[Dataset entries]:
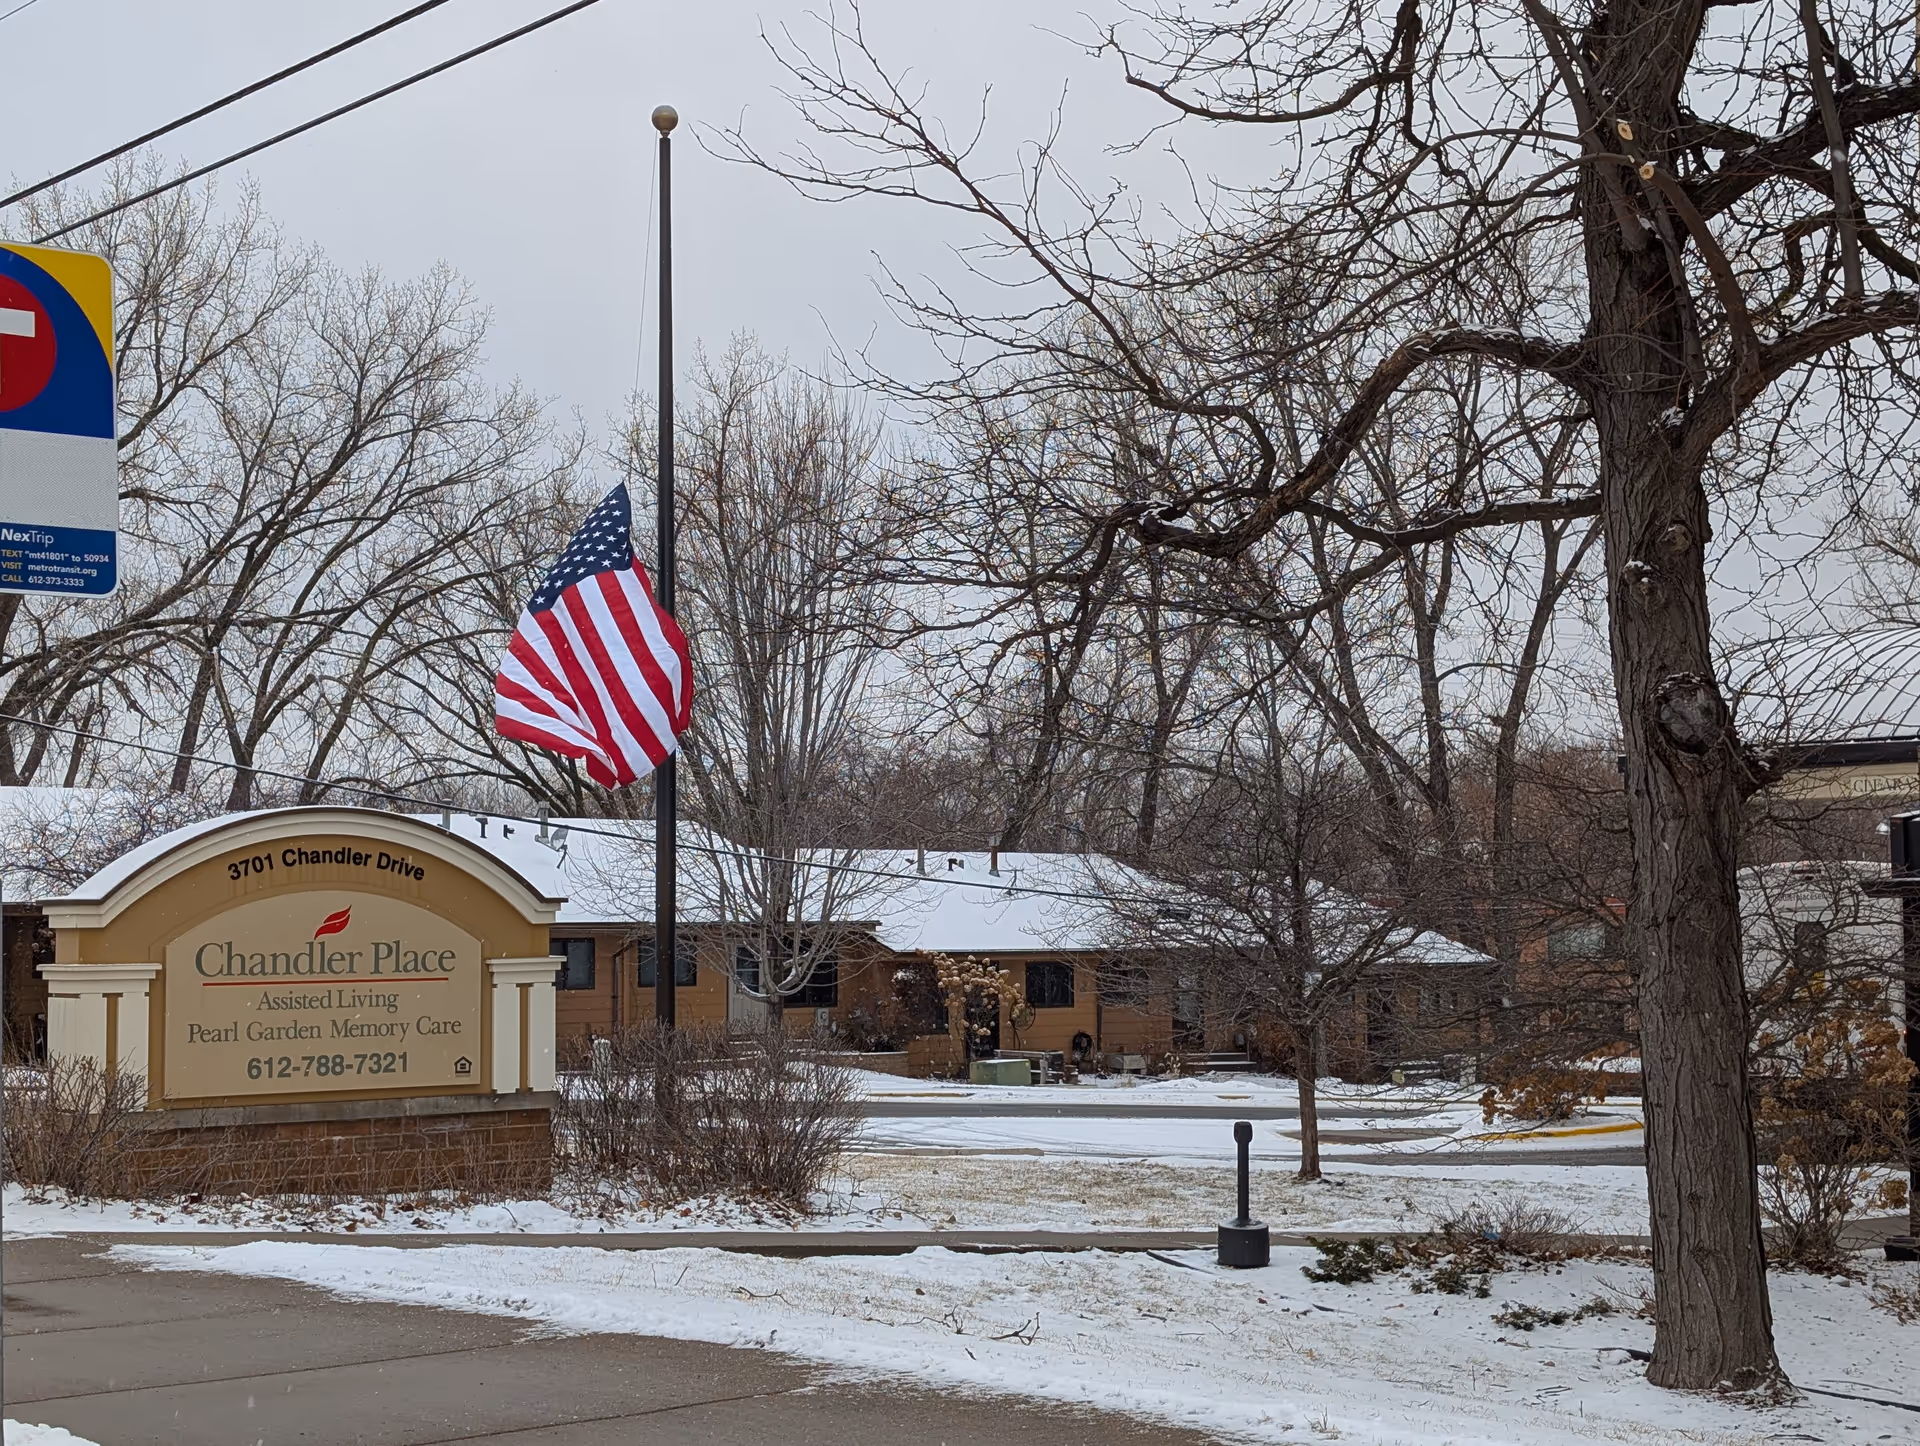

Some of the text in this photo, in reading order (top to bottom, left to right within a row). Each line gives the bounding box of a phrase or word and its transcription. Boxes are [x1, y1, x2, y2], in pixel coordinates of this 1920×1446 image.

[1, 528, 54, 548] NexTrip
[1, 549, 23, 558] TEXT
[71, 554, 81, 562] to
[84, 554, 109, 562] 50934
[1, 561, 97, 577] VISIT metrotransit.org
[1, 574, 84, 587] CALL 612-373-3333
[228, 847, 425, 880] 3701 Chandler Drive
[195, 940, 456, 977] Chandler Place
[256, 988, 399, 1014] Assisted Living
[187, 1016, 462, 1043] Pearl Garden Memory Care
[246, 1052, 408, 1080] 612-788-7321

[EXERCISE BRIEF]:
Restate the records above in full, word for word. Keep pictures out.

[SOLUTION]:
Some of the text in this photo, in reading order (top to bottom, left to right within a row). Each line gives the bounding box of a phrase or word and its transcription. Boxes are [x1, y1, x2, y2], in pixel coordinates of this 1920×1446 image.

[1, 528, 54, 548] NexTrip
[1, 549, 23, 558] TEXT
[71, 554, 81, 562] to
[84, 554, 109, 562] 50934
[1, 561, 97, 577] VISIT metrotransit.org
[1, 574, 84, 587] CALL 612-373-3333
[228, 847, 425, 880] 3701 Chandler Drive
[195, 940, 456, 977] Chandler Place
[256, 988, 399, 1014] Assisted Living
[187, 1016, 462, 1043] Pearl Garden Memory Care
[246, 1052, 408, 1080] 612-788-7321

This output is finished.